But the second program show segmentation fault...Please help me to find out
exact answer...
#include<iostream>
using namespace std;
int main()
{
int i=0;
char *name="Siva",*str;
for(i=0;i<strlen(name);i++)
{
str[i]=name[i];
}
cout<<str;
return 0;
}
char *name="Siva",*str;
for(int i=0;i<strlen(name);i++)
{
str[i]=name[i];
}
str is a pointer, but it doesn't yet point to anything.
Since you're in C++, you should be using std::string:
#include<iostream>
#include <string>
using namespace std;
int main()
{
char *name="Siva";
std::string str;
for(int i=0;i<strlen(name);i++)
{
str += name[i];
}
cout<<str;
return 0;
}
Even better, get rid of the hand-written loop:
#include <algorithm>
int main()
{
char *name="Siva";
std::string str;
std::copy (name, name + strlen (name), std::back_inserter (str));
cout<<str;
return 0;
}
Better even still, there's no reason in this particular example why you need to do any of that at all:
char* name = "Silva";
std::string str = name;
cout << str;
By the way, string literals in C++ are inherently const:
const char* name = "Silva";
If you really must use a char*, first I would strongly question why, and then I would tell you to do this:
int main()
{
const char *name="Siva";
char* str = new char [strlen (name)+1]; // +1 for the null terminator
strcpy (name, str);
cout << str;
delete [] str;
return 0;
}
I would even more strongly question your need to copy it byte-by-byte:
int main()
{
const char *name="Siva";
char* str = new char [strlen (name)+1]; // +1 for the null terminator
for (size_t i = 0; i < strlen (name); ++i )
str [i] = name [i];
str [strlen (name)] = '\0';
cout << str;
delete [] str;
return 0;
}
You have undefined behaviour here:
str[i]=name[i];
str has not been initialized to anything.

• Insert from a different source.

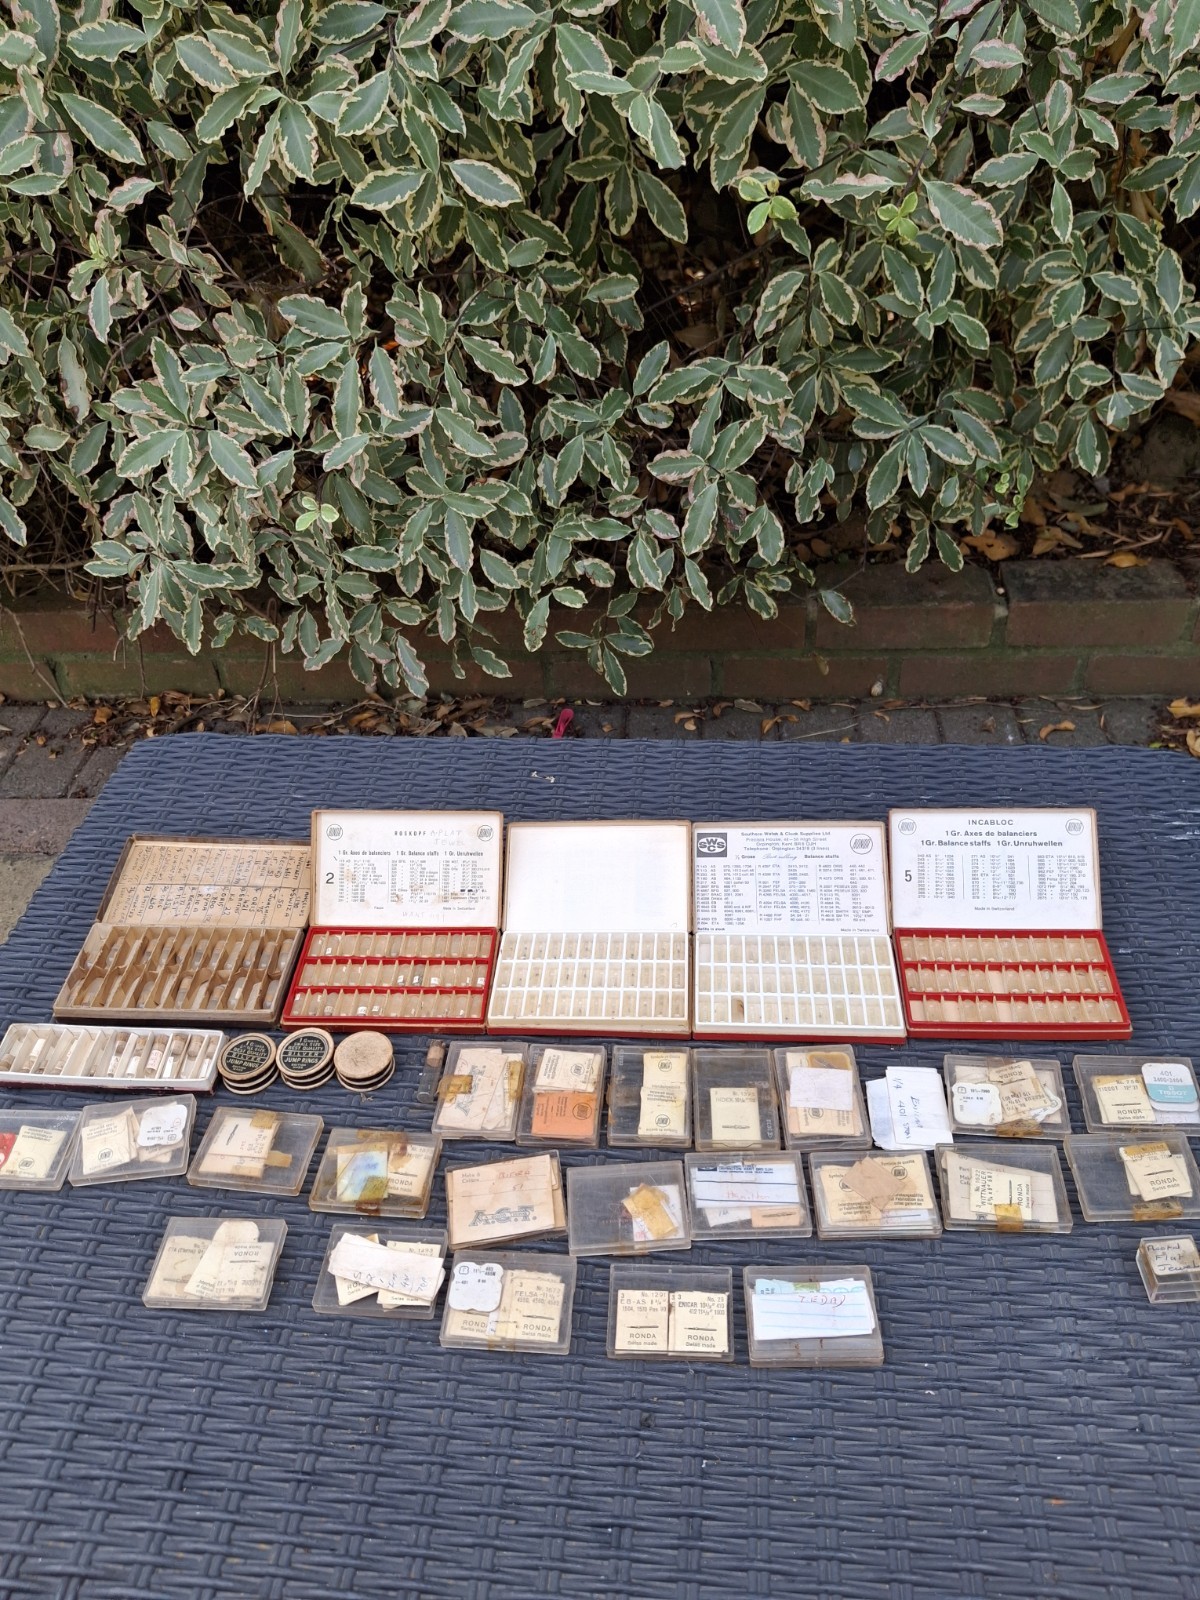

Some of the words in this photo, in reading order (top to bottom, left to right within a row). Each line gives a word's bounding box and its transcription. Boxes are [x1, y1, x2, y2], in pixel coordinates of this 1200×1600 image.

[326, 872, 334, 884] 2
[904, 870, 912, 882] 5
[1150, 1177, 1177, 1186] RONDA

You are writing to places you shouldn't.
There are two problems with this.
The pointer str doesn't point to allocated memory, so writing through it is undefined behavior.
Even if it did point to valid memory, you're not writing the correct amount of data. When copying a string, you need to copy the 0 byte at the end which marks the end of the string; so the upper limit of your loop should bt strlen(name) + 1. Or you could use a library method like strdup() instead of your own for loop.
The reason the "working" version prints some garbage characters is that there's no 0 at the end of the copied string to tell iostreams to stop printing. The reason the "working" one doesn't crash, and the other one does, is pure dumb luck: the garbage in str, by chance, points to memory you're allowed to write to, while in the crashing program, it points to memory you're not allowed to write to. Simple as that.
It is because you have no memory allocated for str. (it will cause an undefined behavior)
You can mix that by using a merory allocation function like in this example :
#include<iostream>
using namespace std;
int main()
{
char *name="Siva",*str;
// Allocate memory with malloc
str = (char*)malloc( (strlen(name)+1) * sizeof(char) );
for(int i=0;i<strlen(name);i++)
{
str[i]=name[i];
}
str[strlen(name)] = 0;
cout<<str;
// Free the allocated memory
free(str);
return 0;
}
As you are using c++, you can do :
#include<iostream>
using namespace std;
int main()
{
char *name="Siva",*str;
// Allocate memory with new
str = new char[strlen(name) + 1];
for(int i=0;i<strlen(name);i++)
{
str[i]=name[i];
}
str[strlen(name)] = 0;
cout<<str;
// Free the allocated memory
delete []str;
return 0;
}
EDIT :
The reason you have some weird caracters at the end of your ouput is that because you string is not terminated with a '\0', it will continue to print it. (This will occur only if you don't have a segmentation fault )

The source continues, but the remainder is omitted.